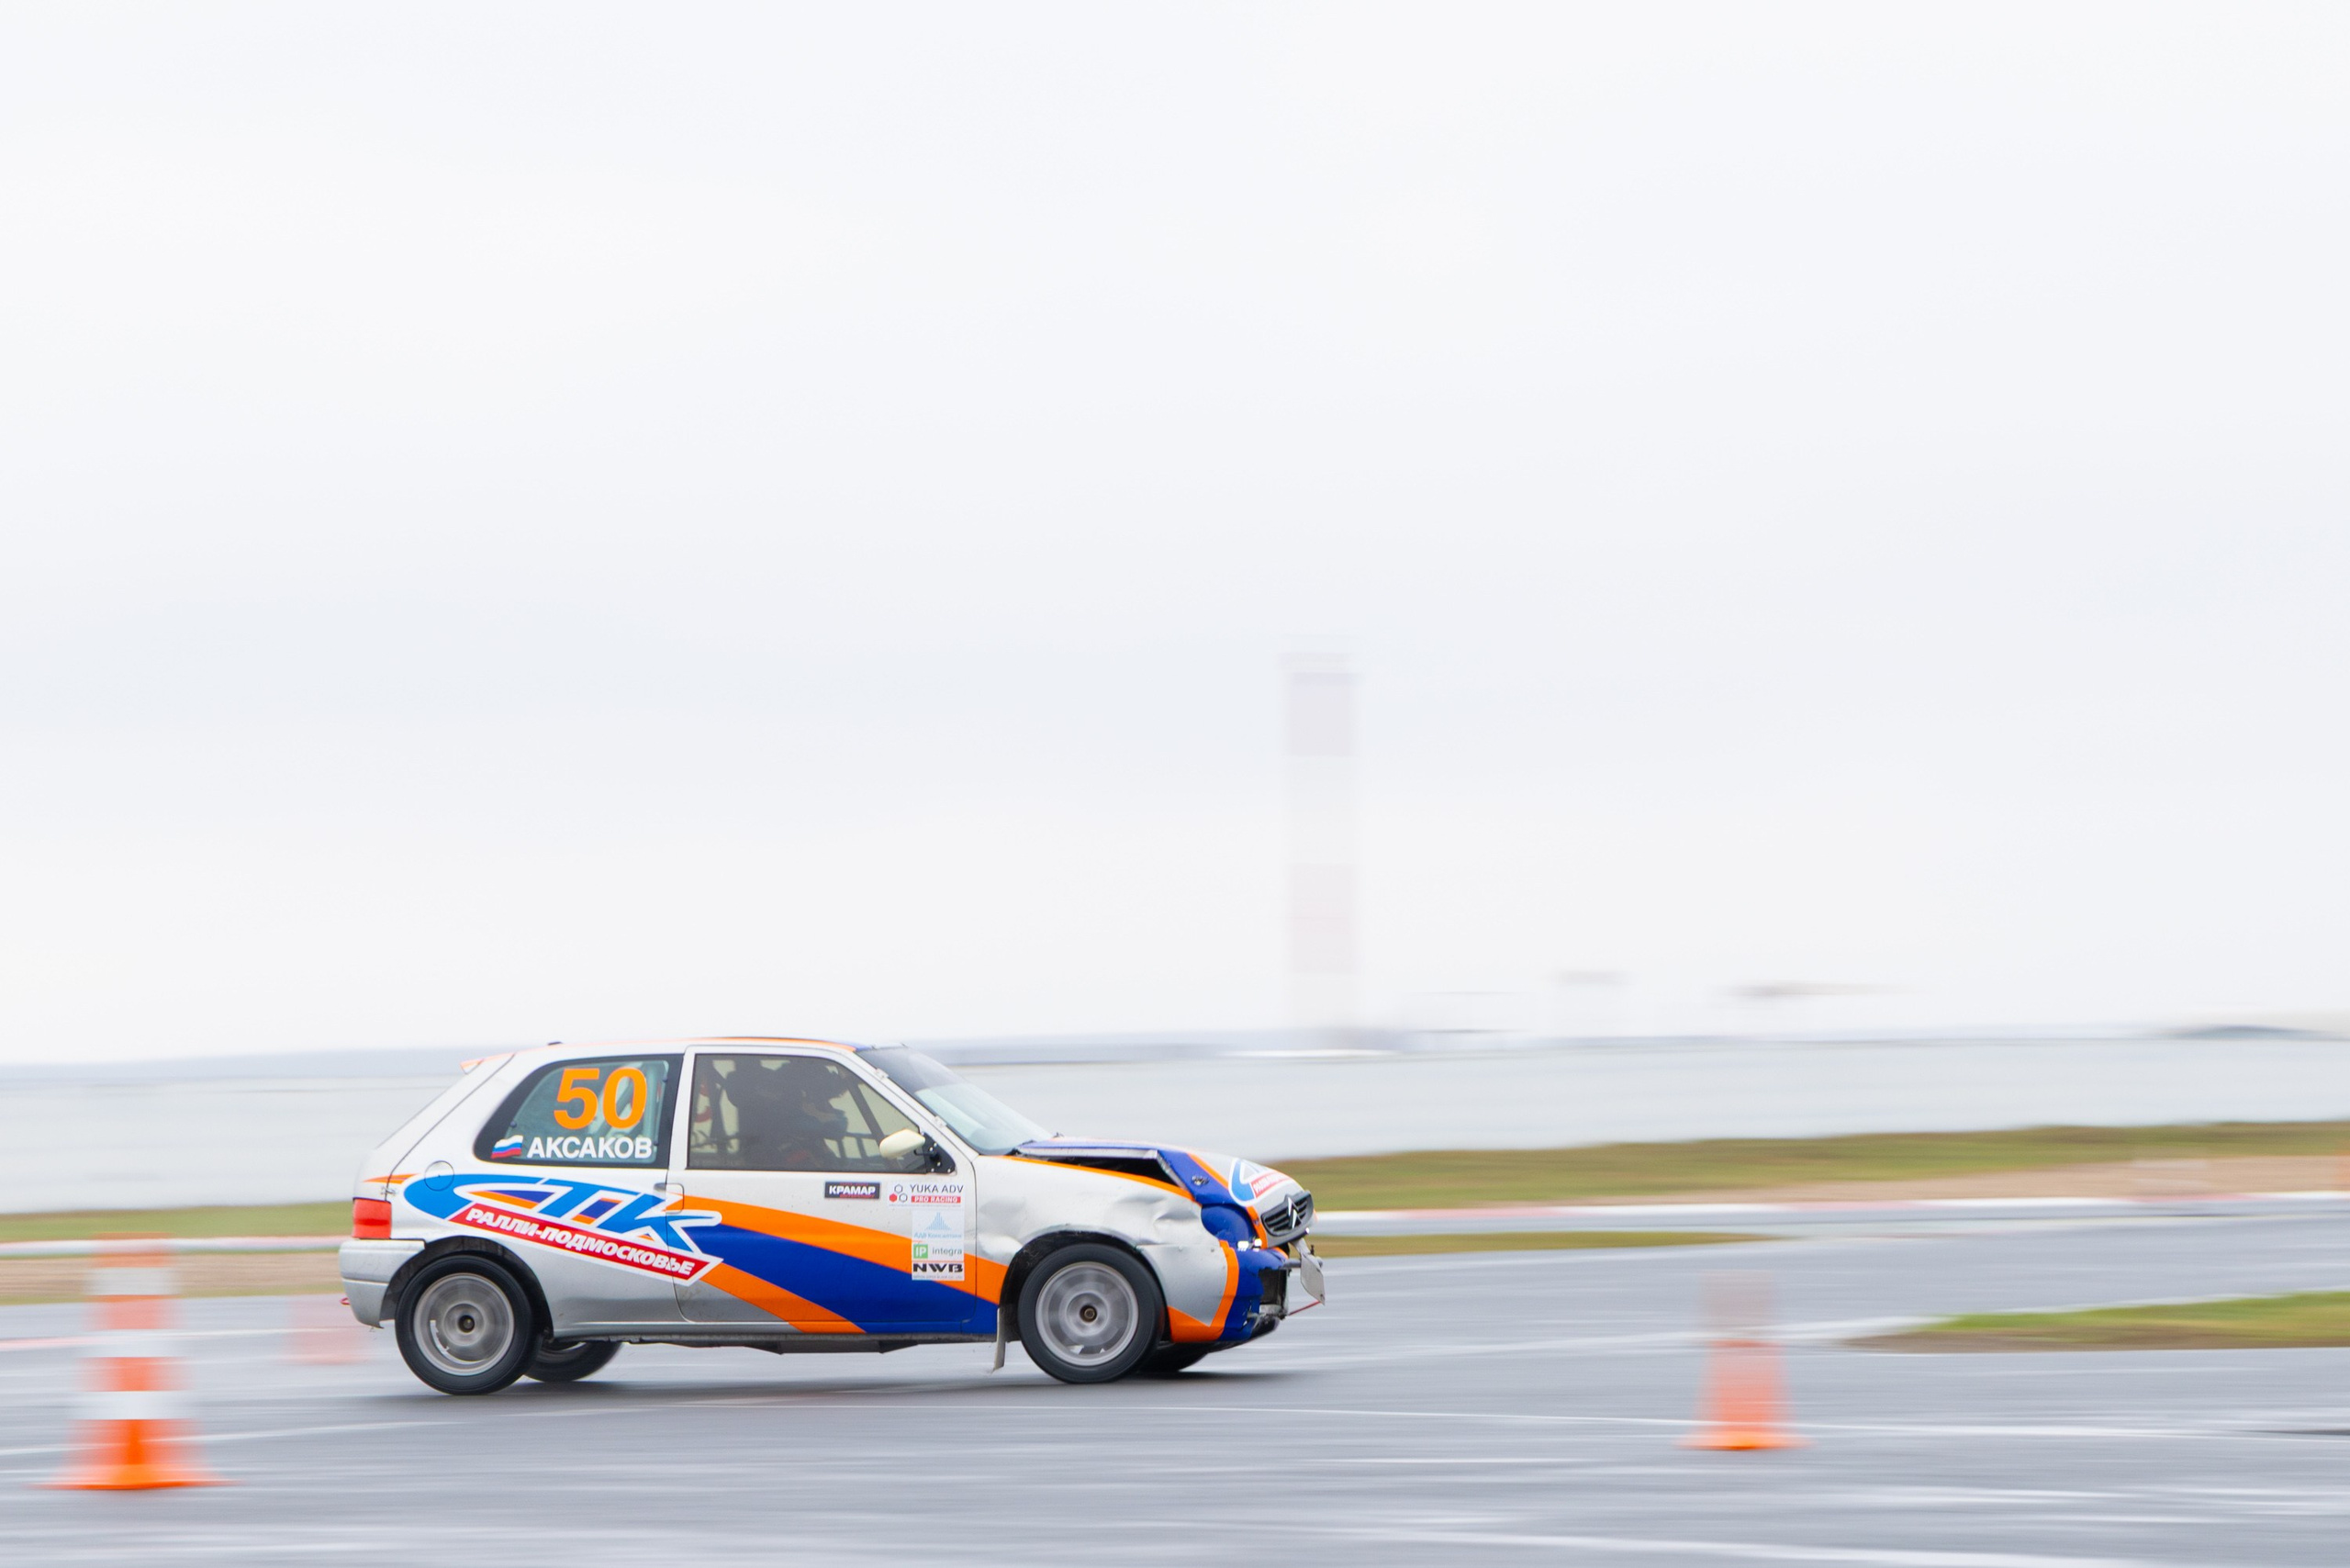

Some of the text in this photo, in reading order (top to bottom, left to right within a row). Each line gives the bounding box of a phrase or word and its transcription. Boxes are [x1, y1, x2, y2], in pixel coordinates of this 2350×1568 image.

[554, 1067, 647, 1129] 50
[527, 1137, 653, 1159] АКСАКОВ
[829, 1185, 876, 1195] КРАМАР
[910, 1184, 964, 1193] YUKA ADV
[465, 1207, 696, 1276] РАЛЛИ-ПОДМОСКОВЬЕ
[932, 1247, 962, 1256] integra
[912, 1263, 963, 1272] NWB

· · ·

Activity: Return each line from the material above exactly, but not the pictures.

Written response:
Some of the text in this photo, in reading order (top to bottom, left to right within a row). Each line gives the bounding box of a phrase or word and its transcription. Boxes are [x1, y1, x2, y2], in pixel coordinates of this 2350×1568 image.

[554, 1067, 647, 1129] 50
[527, 1137, 653, 1159] АКСАКОВ
[829, 1185, 876, 1195] КРАМАР
[910, 1184, 964, 1193] YUKA ADV
[465, 1207, 696, 1276] РАЛЛИ-ПОДМОСКОВЬЕ
[932, 1247, 962, 1256] integra
[912, 1263, 963, 1272] NWB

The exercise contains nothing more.